-- Given records --
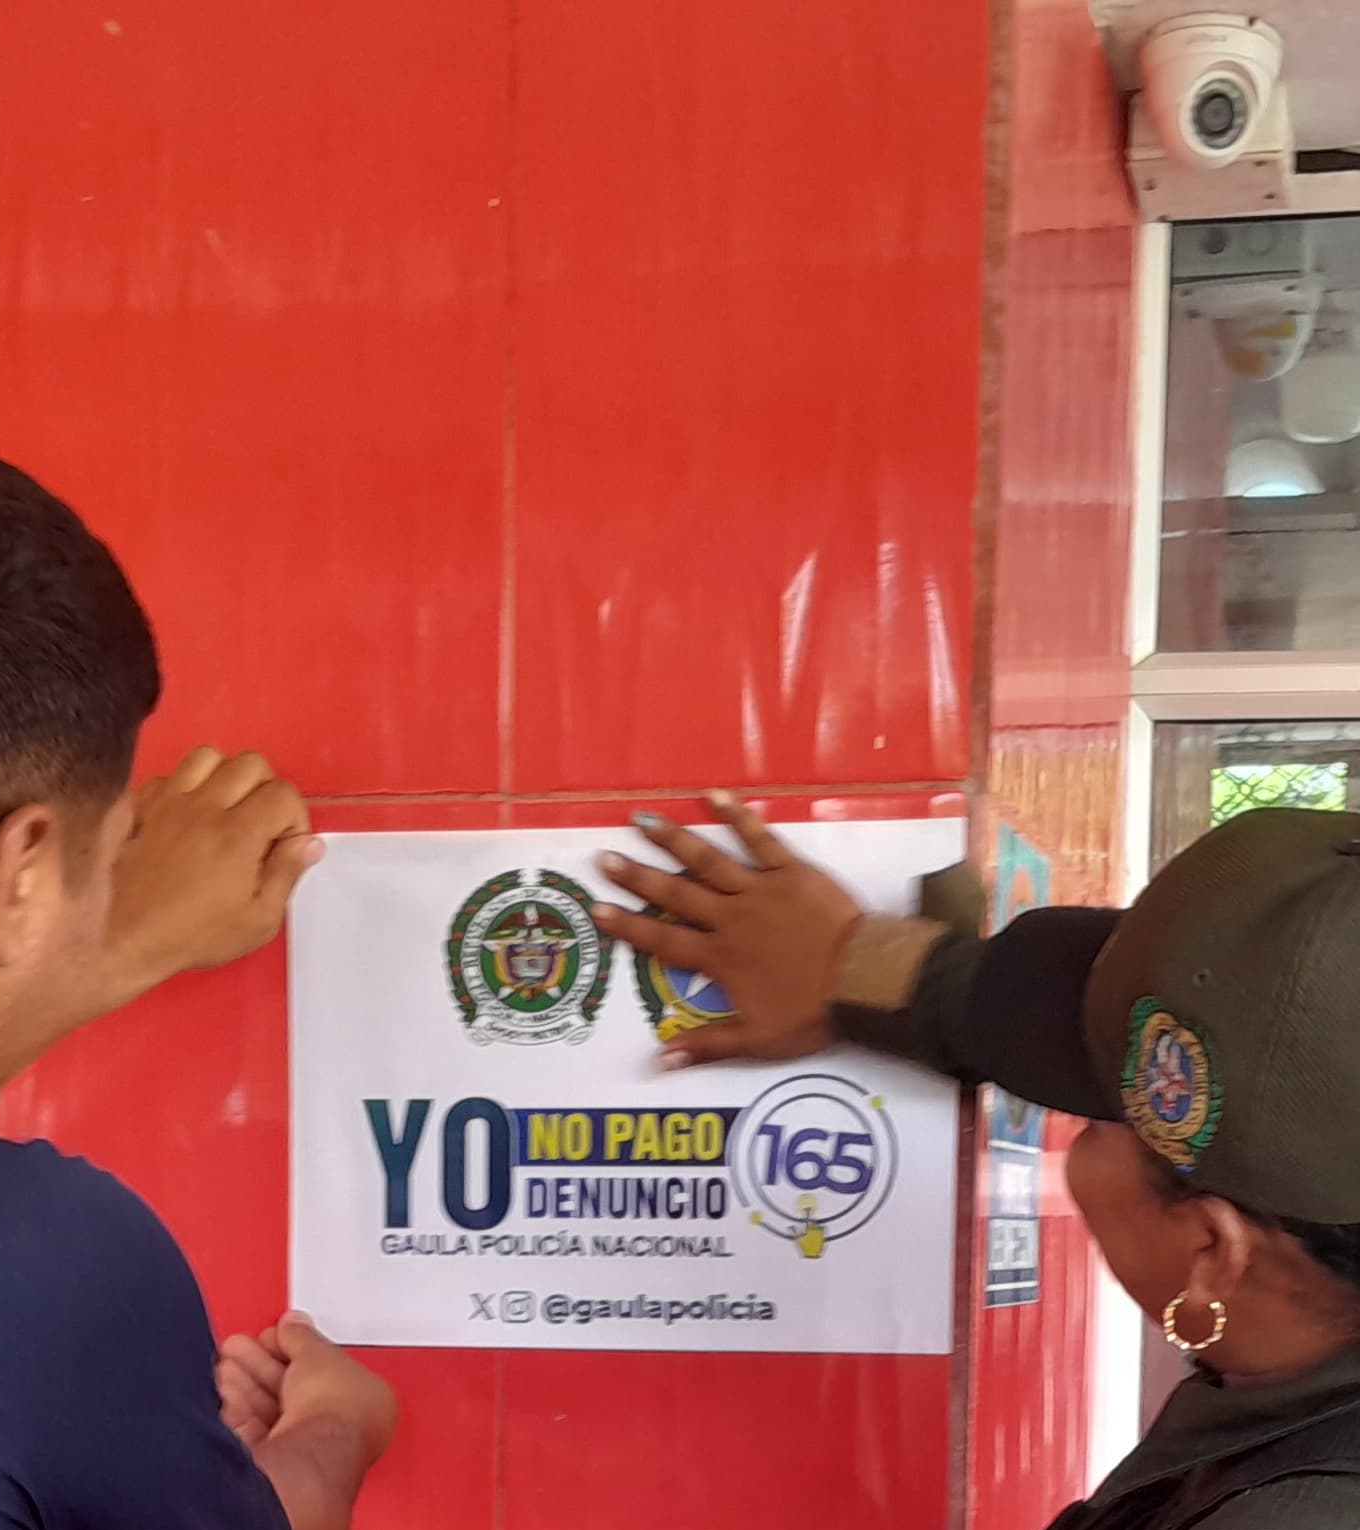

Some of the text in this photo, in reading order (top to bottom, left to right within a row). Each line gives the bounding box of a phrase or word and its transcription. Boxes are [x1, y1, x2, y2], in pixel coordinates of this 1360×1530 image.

[528, 1112, 723, 1161] NO PAGO
[755, 1122, 874, 1196] 165
[364, 1097, 512, 1231] YO
[527, 1177, 727, 1219] DENUNCIO
[380, 1229, 735, 1258] GAULA POLICÍA NACIONAL
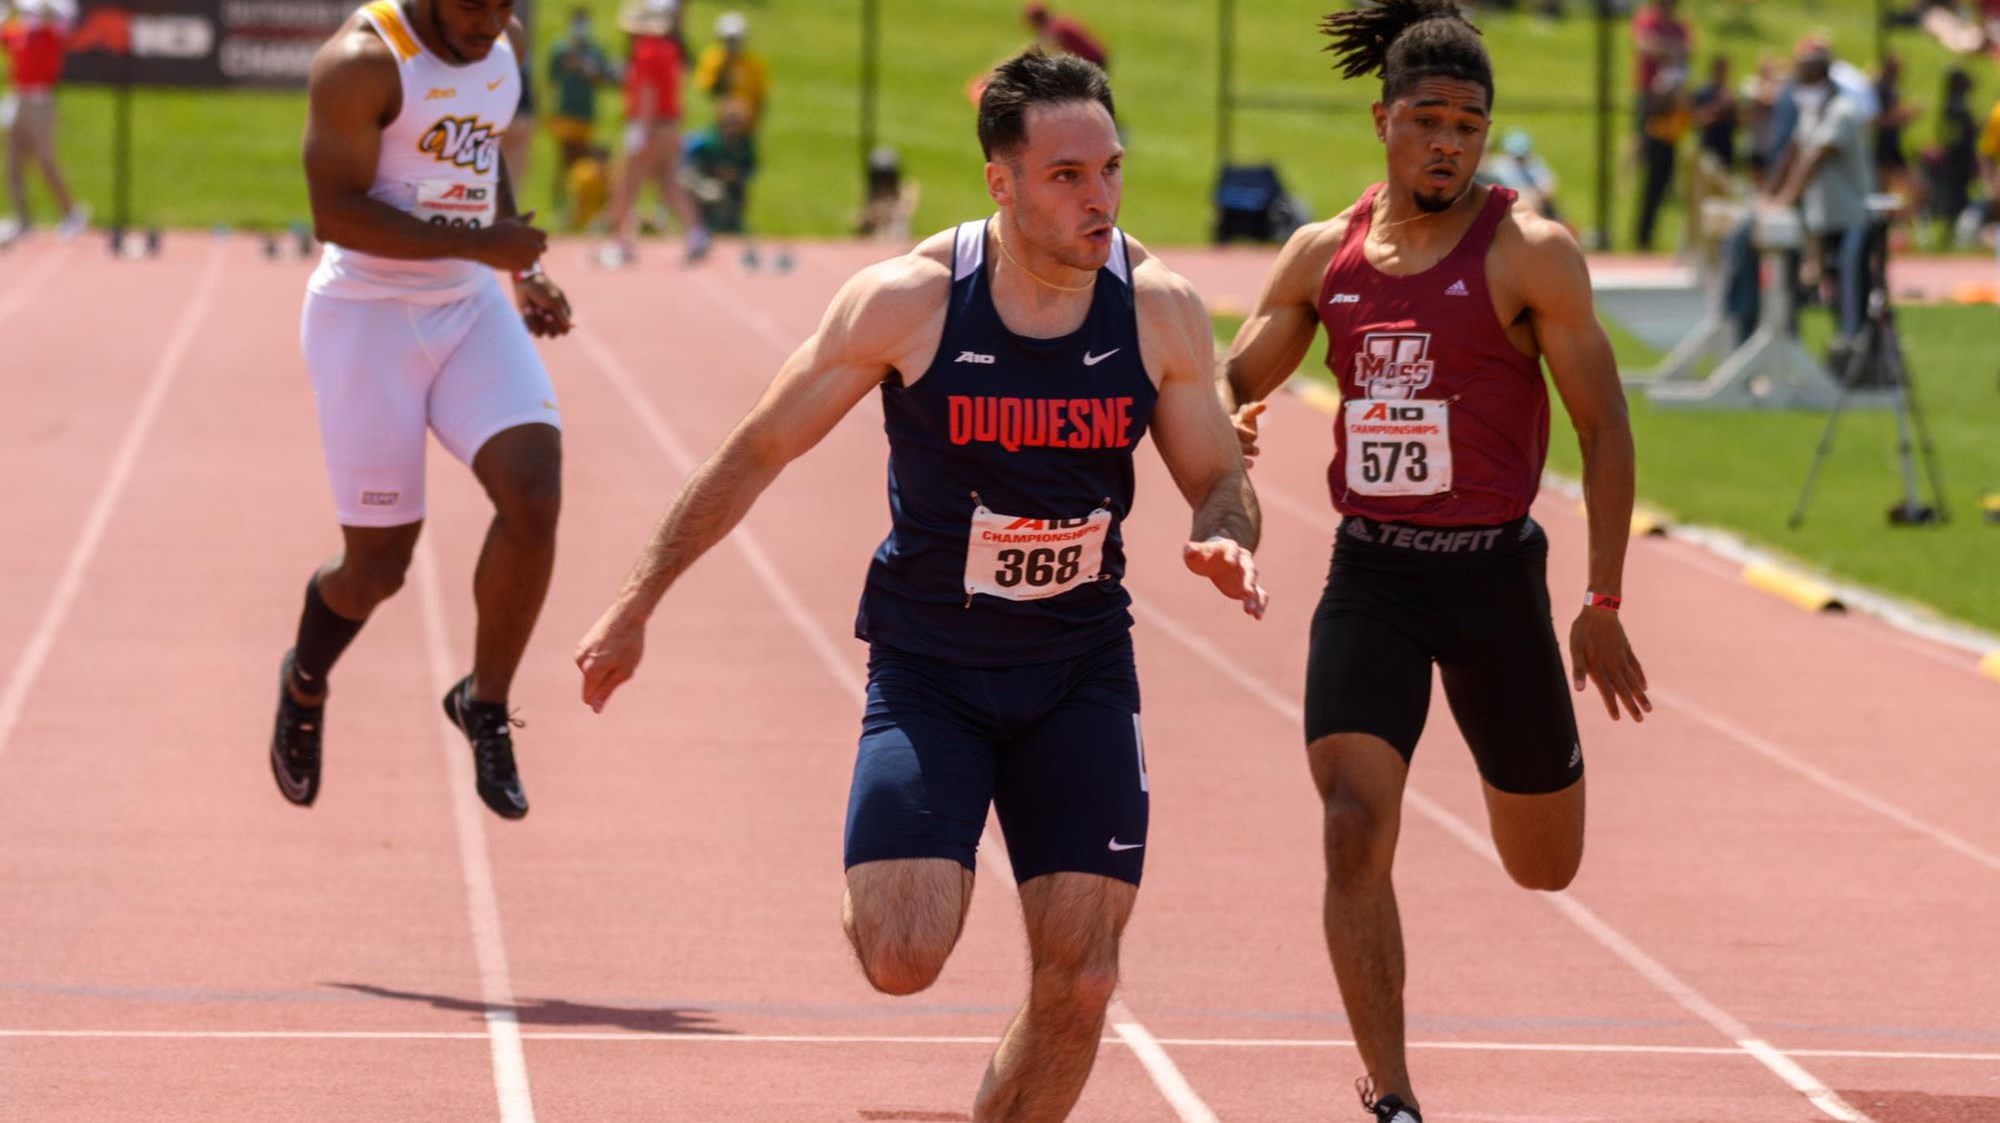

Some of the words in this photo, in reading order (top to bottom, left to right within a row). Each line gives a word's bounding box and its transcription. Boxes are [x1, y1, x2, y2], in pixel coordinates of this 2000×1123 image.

[441, 184, 487, 200] A10
[954, 350, 996, 365] A10
[1362, 402, 1424, 421] A10
[948, 396, 1133, 452] DUQUESNE
[1351, 424, 1440, 435] CHAMPIONSHIPS
[1361, 441, 1428, 483] 573
[982, 524, 1102, 544] CHAMPIONSHIPS
[1378, 523, 1503, 553] TECHFIT
[995, 545, 1082, 587] 368
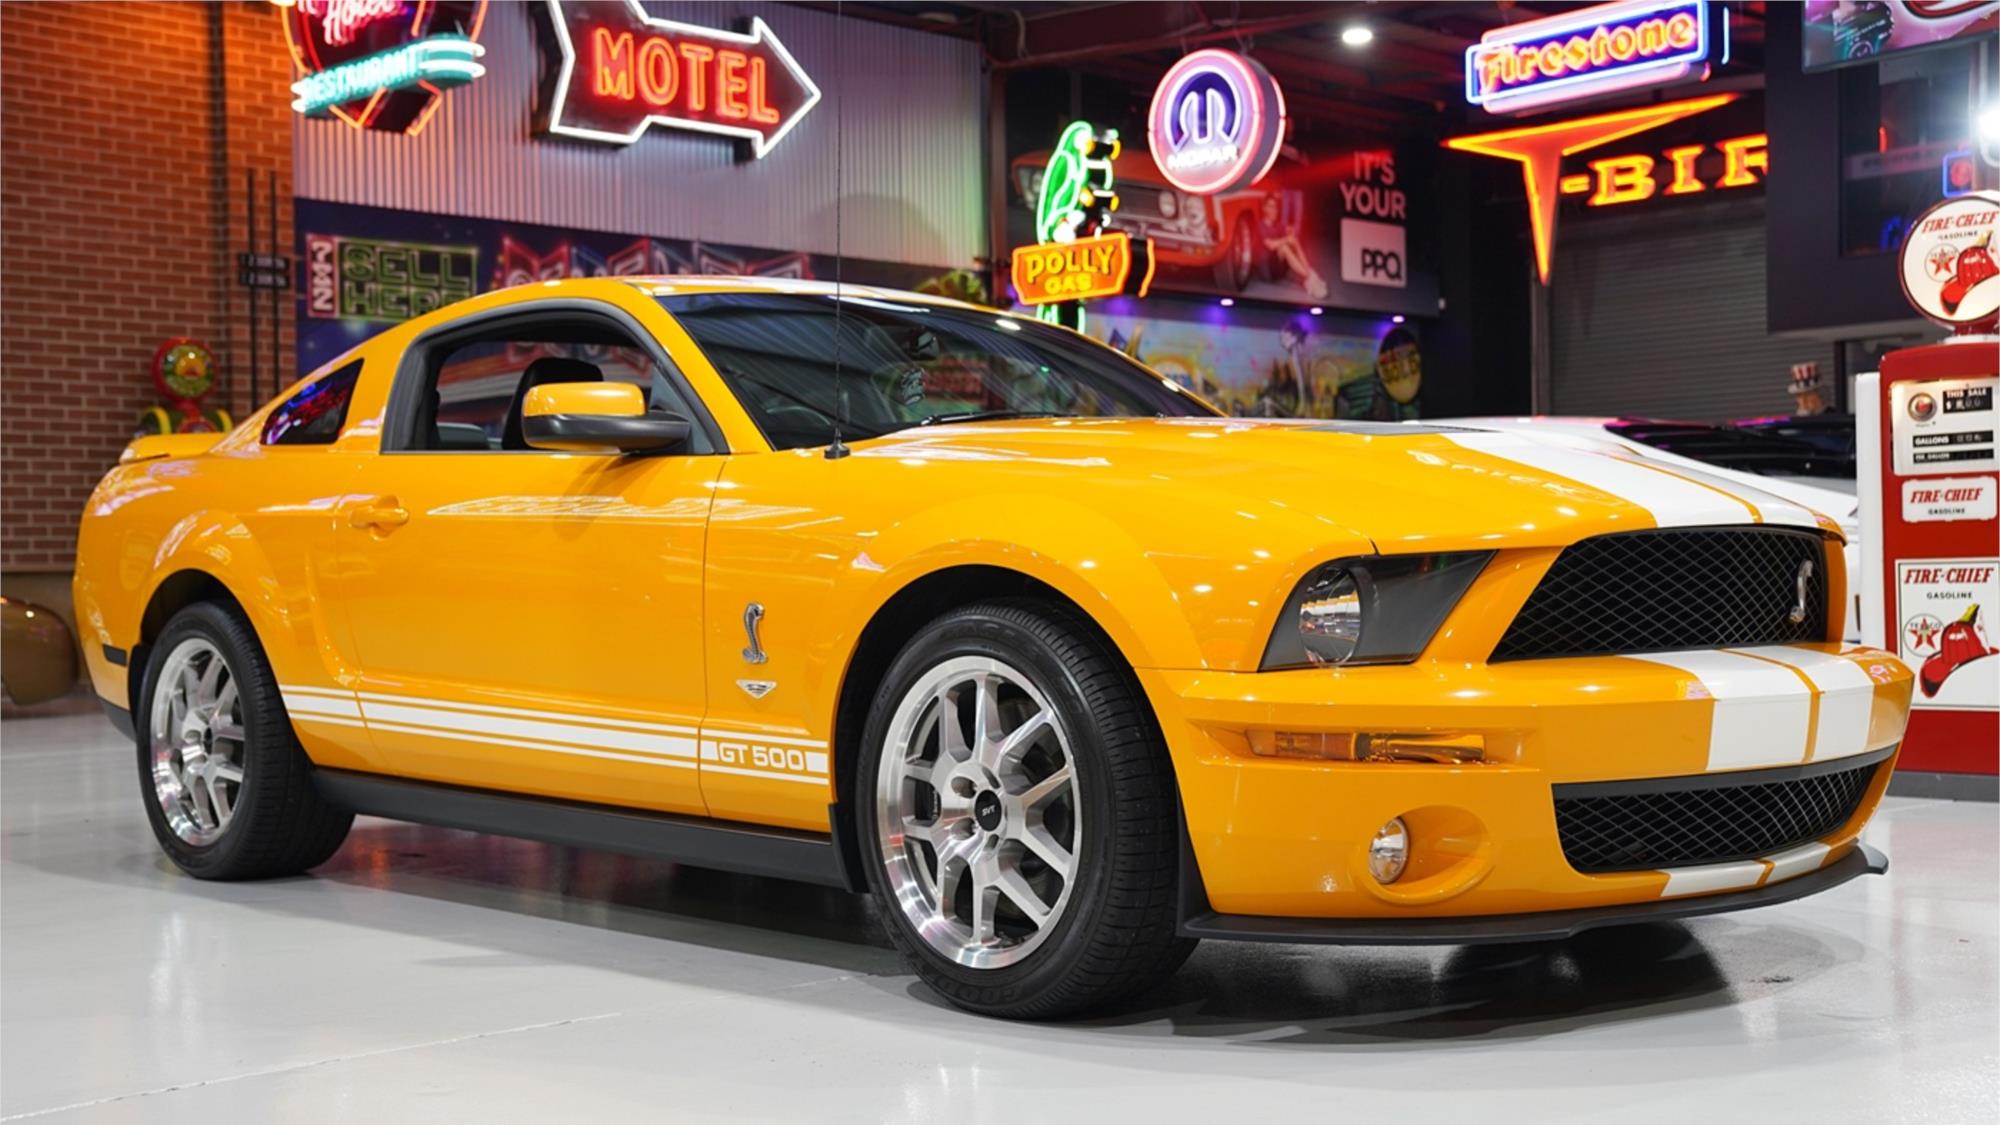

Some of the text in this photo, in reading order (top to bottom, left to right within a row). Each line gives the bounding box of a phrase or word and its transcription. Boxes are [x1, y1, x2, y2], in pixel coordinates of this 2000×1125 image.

-- To do --
Could you transcribe exactly the lines running from the one with "Some of the words" to the final line of the material above, both included, with no pictures?

-- Exercise response --
Some of the words in this photo, in reading order (top to bottom, left to right within a row). Each line gives a word's bounding box and its transcription. Boxes are [x1, y1, x2, y2], in pixel coordinates of this 2000×1123 image.

[441, 184, 487, 200] A10
[954, 350, 996, 365] A10
[1362, 402, 1424, 421] A10
[948, 396, 1133, 452] DUQUESNE
[1351, 424, 1440, 435] CHAMPIONSHIPS
[1361, 441, 1428, 483] 573
[982, 524, 1102, 544] CHAMPIONSHIPS
[1378, 523, 1503, 553] TECHFIT
[995, 545, 1082, 587] 368

Some of the text in this photo, in reading order (top to bottom, left to right within a row). Each line gives the bounding box of a phrase or word and its transcription. Boxes are [x1, y1, x2, y2], in pixel coordinates of this 2000×1125 image.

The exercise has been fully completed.